How a Single Failing SATA Disk Can Cripple Hardware RAID-10 Arrays: Diagnosis and Solutions for SysAdmins


3 views

During our recent outage, we observed that disk 8 (DEV_ID: /dev/twa0 [3ware_disk_08]) exhibited this exact behavior. The 3ware RAID controller log showed repeated timeout events:

# dmesg | grep twa0
[32451.283911] twa0: ERROR: (0x04:0x0046): Disk timeout: port=8,reset=1
[32451.283945] twa0: ERROR: (0x04:0x0046): SCSI command failed: host=0 channel=0 id=8 lun=0
[32451.284012] twa0: ERROR: (0x04:0x0046): Auto-REMAP failed: port=8

The 3ware 9650SE controller in our system implements a "retry storm" behavior that isn't properly documented.

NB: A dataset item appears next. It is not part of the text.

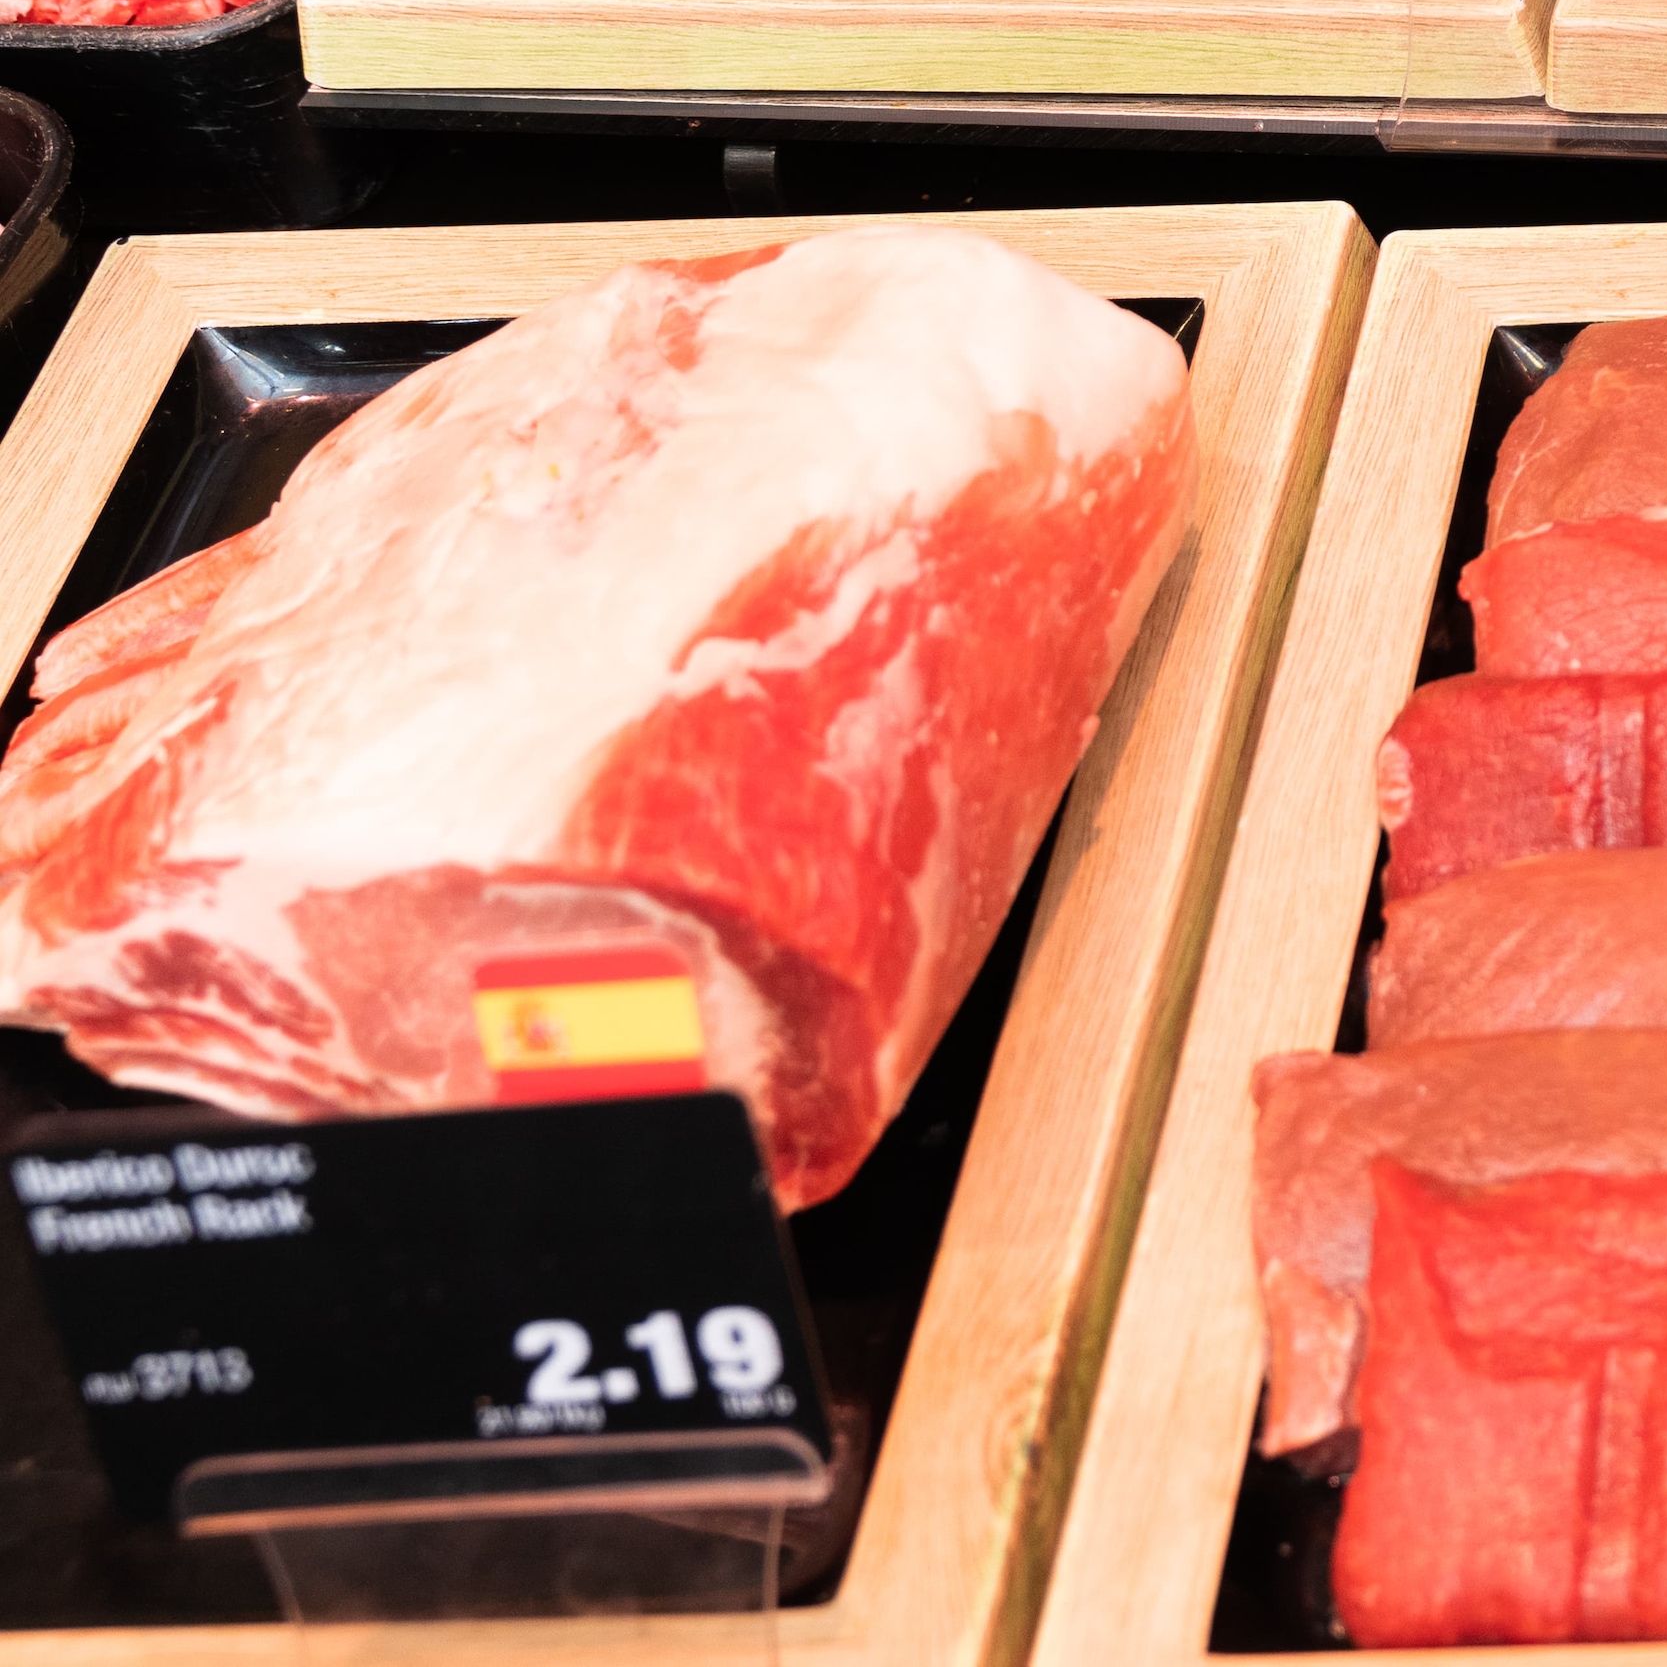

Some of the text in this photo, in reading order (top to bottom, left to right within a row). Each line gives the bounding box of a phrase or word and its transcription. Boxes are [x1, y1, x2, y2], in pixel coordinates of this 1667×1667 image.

When a disk starts throwing read errors but hasn't completely failed, the controller may:

  • Enter an aggressive retry loop (up to 30 seconds per I/O)
  • Block all array I/O during retries
  • Fail to properly mark the disk as failed

This explains why our monitoring showed disk 8's read errors correlating with system-wide latency spikes.

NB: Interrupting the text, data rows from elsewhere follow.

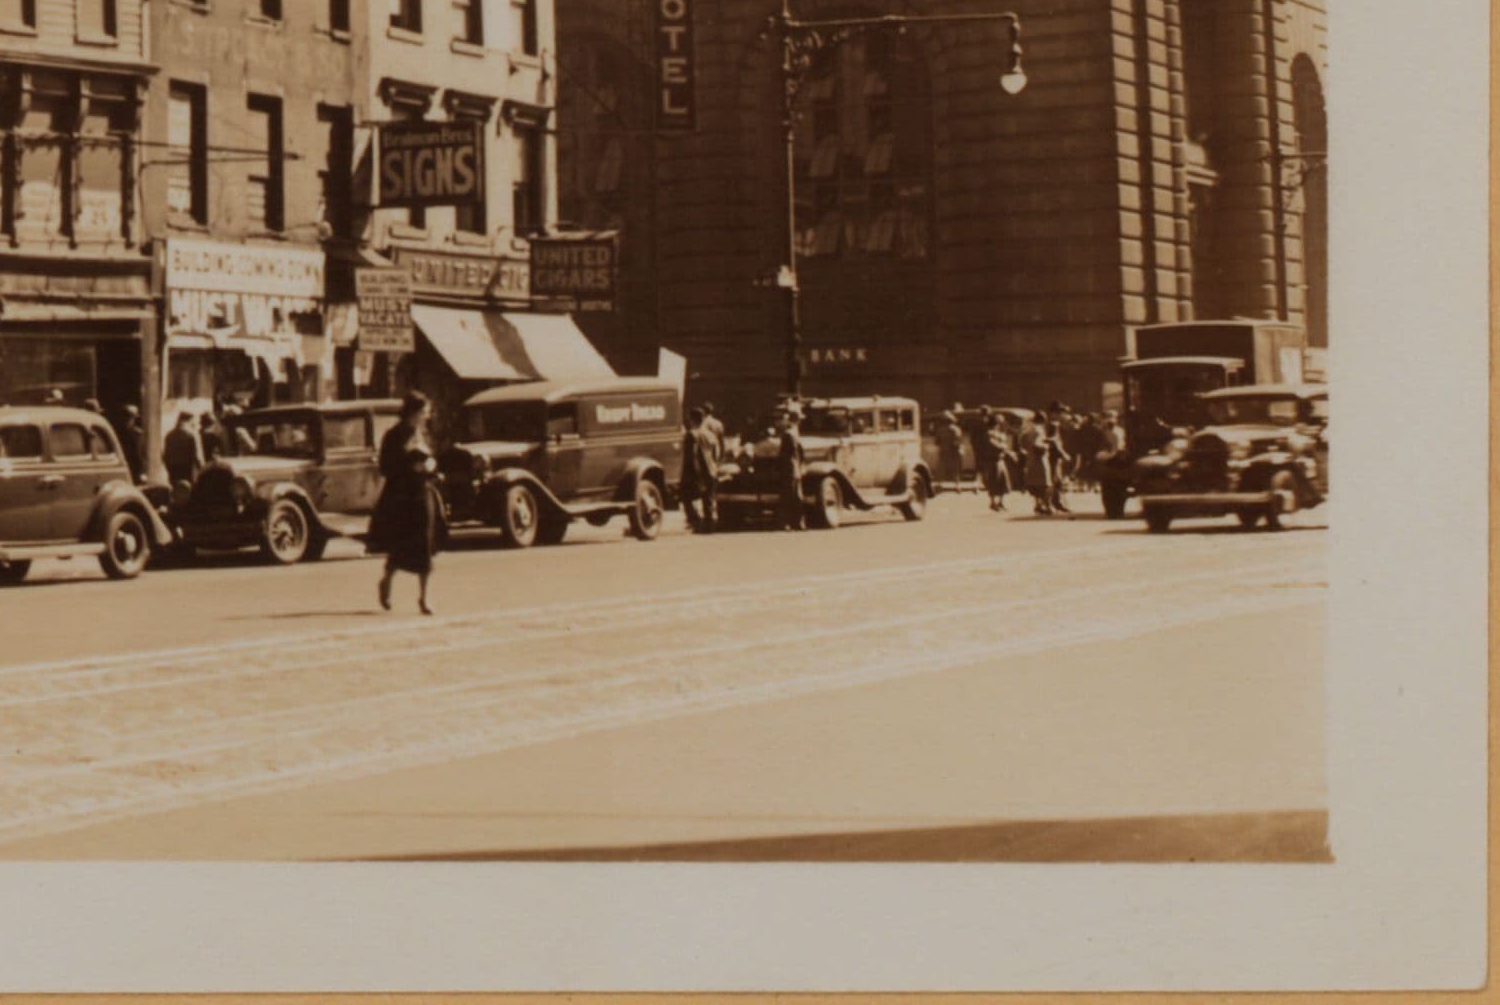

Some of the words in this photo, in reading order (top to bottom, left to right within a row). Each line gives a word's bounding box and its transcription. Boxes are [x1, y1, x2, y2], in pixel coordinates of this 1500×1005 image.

[383, 145, 475, 199] SIGNS
[174, 249, 233, 276] BUILDING
[533, 246, 611, 266] UNITED
[411, 259, 491, 289] UNITED
[533, 268, 610, 290] CIGARS
[360, 298, 409, 311] MUST
[359, 312, 412, 325] VACATE
[810, 347, 868, 363] BANK
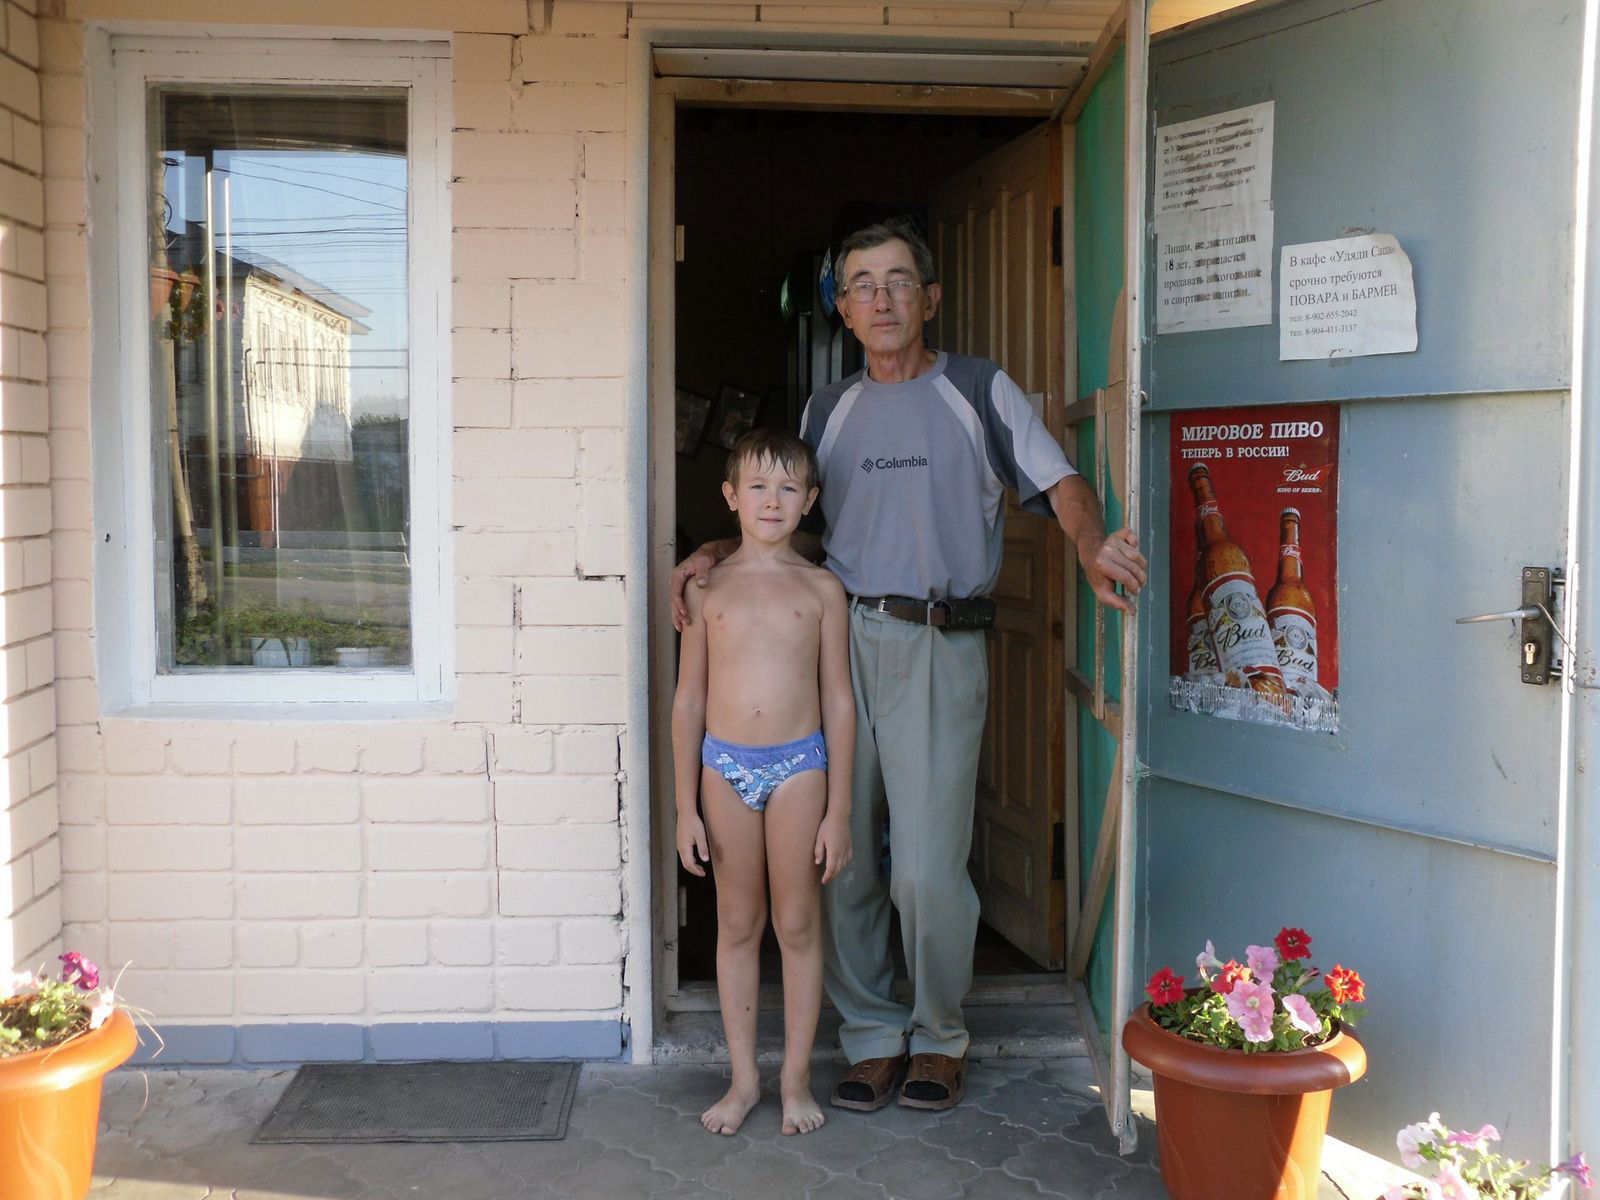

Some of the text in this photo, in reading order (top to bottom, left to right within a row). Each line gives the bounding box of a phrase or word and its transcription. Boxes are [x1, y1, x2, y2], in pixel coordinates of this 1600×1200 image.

[1164, 244, 1192, 255] Лицам,
[1194, 241, 1205, 250] не
[1165, 259, 1174, 271] 18
[1175, 262, 1191, 270] лет,
[1290, 256, 1297, 267] В
[1300, 253, 1326, 267] кафе
[1164, 276, 1204, 290] продавать
[1289, 269, 1382, 289] срочно требуются
[1290, 284, 1398, 306] ПОВАРА и БАРМЕН
[1181, 421, 1324, 441] МИРОВОЕ ПИВО
[1181, 446, 1290, 459] ТЕПЕРЬ В РОССИИ!
[876, 456, 928, 469] Columbia
[1284, 469, 1321, 482] Bud
[1217, 623, 1266, 652] Bud
[1277, 649, 1314, 672] Bud

For immediate mitigation, we implemented these changes:

# Force shorter timeout on the 3ware controller
echo 15 > /sys/bus/pci/drivers/3w-xxxx/0:0X:0X/host0/scsi_host/host0/link_timeout

# SMART monitoring threshold adjustment
smartctl -d 3ware,8 -l error /dev/twa0
smartctl -d 3ware,8 -l selftest /dev/twa0
smartctl -d 3ware,8 -H /dev/twa0

We've since updated our monitoring to catch these scenarios earlier:

# Custom Nagios check for RAID controller timeouts
#!/bin/bash
TWCLI="/usr/sbin/tw_cli"
CRITICAL=$($TWCLI /c0 show | grep -c "INITIALIZING\|VERIFYING")
if [ $CRITICAL -gt 0 ]; then
  echo "CRITICAL: $CRITICAL disks in degraded state"
  exit 2
fi

Additionally, we've switched to ZFS-based storage with more aggressive error handling:

zpool create -o failmode=wait tank mirror /dev/disk/by-id/ata-XXXXX /dev/disk/by-id/ata-YYYYY
zfs set sync=disabled tank
zfs set primarycache=all tank

What we learned the hard way: Enterprise SATA RAID requires enterprise-grade disks with proper TLER (Time Limited Error Recovery). Consumer disks will retry indefinitely, while enterprise disks fail fast.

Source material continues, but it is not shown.